Eggplants, aubergines, or brinjals depending on where you are from are all names for the delicious purple fruit that is a popular ingredient in many dishes around the world. While many people find this plant easy to grow and delicious, unfortunately, many bugs and insects also find them delicious.
A wide variety of bugs and insects including aphids, mites, beetles, and caterpillars all love to eat eggplants. Damage may show on the stems, leaves, and fruits while serving as an entry point for rot and disease to negatively impact your crop.
Without further ado – we’re going to identify 7 of these bugs and insects that love to eat eggplants and give you some DIY solutions to prevent your eggplants from going to the insects rather than your kitchen. Let’s get to it!
Aphids Love To Eat Eggplants
Aphids are very common in many gardens and can be found just about anywhere. Aphids can be harmless to many plants, but eggplants are not one of them.
Aphids are small insects that can be with or without wings and are commonly green but can also be black, brown, yellow, or even pink. They are pear-shaped and if you look very close they have two cornicles in the back of their abdomen that look like two small sticks coming off the back of them.
Aphids will feed on leaves, stems, and unopened flower buds which can be a huge problem for growing eggplants.
Recognizing and identifying aphid damage is pretty easy with these common indicators:
- Stunted plant growth along with yellowed, curled leaves.
- Sticky, shiny liquid on the eggplant known as honeydew. This will begin to grow a black mold called sooty mold.
- Small white shed exoskeletons stuck in the honeydew or found around the plant left by growing aphids.

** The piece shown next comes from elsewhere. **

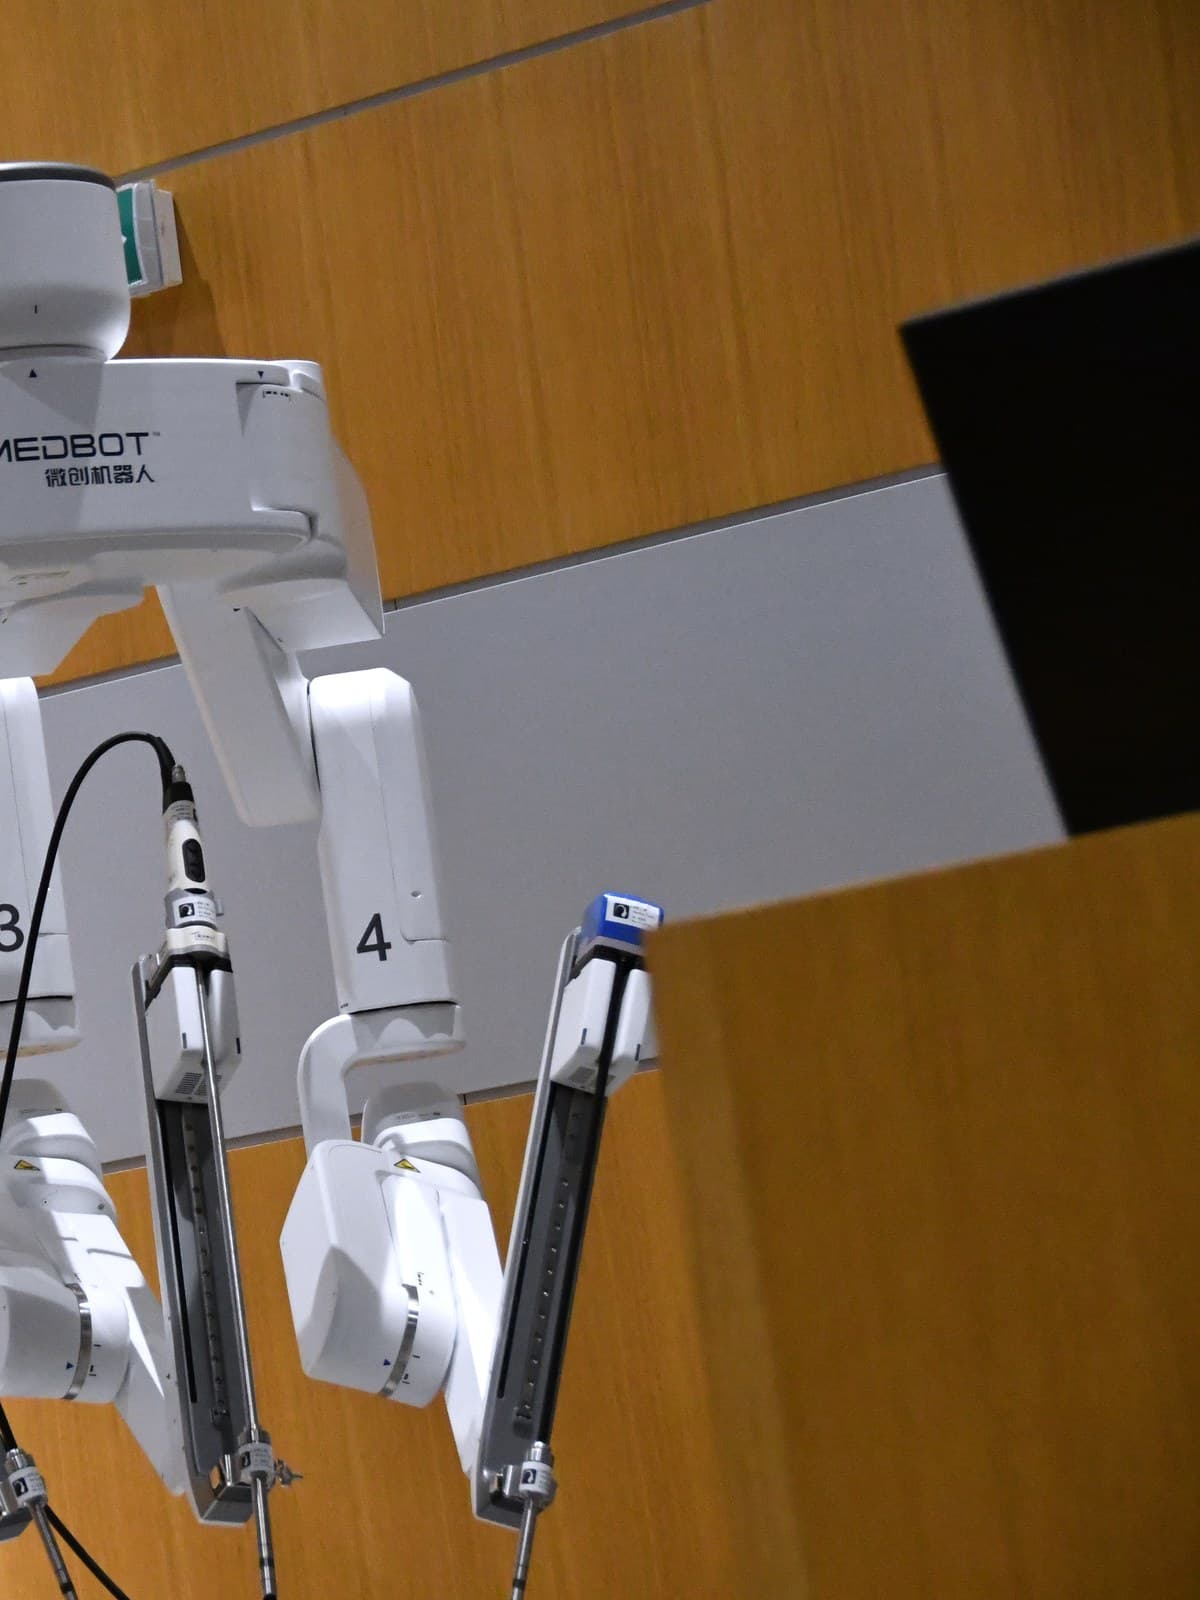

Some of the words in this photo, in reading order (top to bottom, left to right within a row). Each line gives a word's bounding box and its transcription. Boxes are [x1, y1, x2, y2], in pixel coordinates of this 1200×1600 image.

[45, 464, 155, 487] 微创机器人
[356, 913, 392, 961] 4

How To Keep Aphids Off Your Eggplants
While aphids might be common everywhere and a pest in many gardens, there are several ways to repel them and introduce natural means to keep their populations down.
- Natural predators are recommended by the University of California IPM Program as a way to reduce aphid populations, namely lady beetles, lacewing larvae, syrphid fly larvae, and small praying mantises. Releasing any of these beneficial insects can help control aphid populations, just make sure that anything you release is allowed under local regulations.
- Applying insecticides is another great way to prevent aphids or treat a population of them on your eggplants and comes in both conventional and organic options. I like to use neem oil such as this bottle of Greenkeeper’s Choice Cold Pressed Neem Oil and use it once every couple of weeks or more depending on the aphid pressure.
- Keeping weeds to a minimum will limit the number of places aphids can hide and find food, and some weeds can support thousands of aphids that will spread out and terrorize your eggplants. Fewer weeds also make it easier to monitor your eggplants and check if any pesky aphids are calling them home.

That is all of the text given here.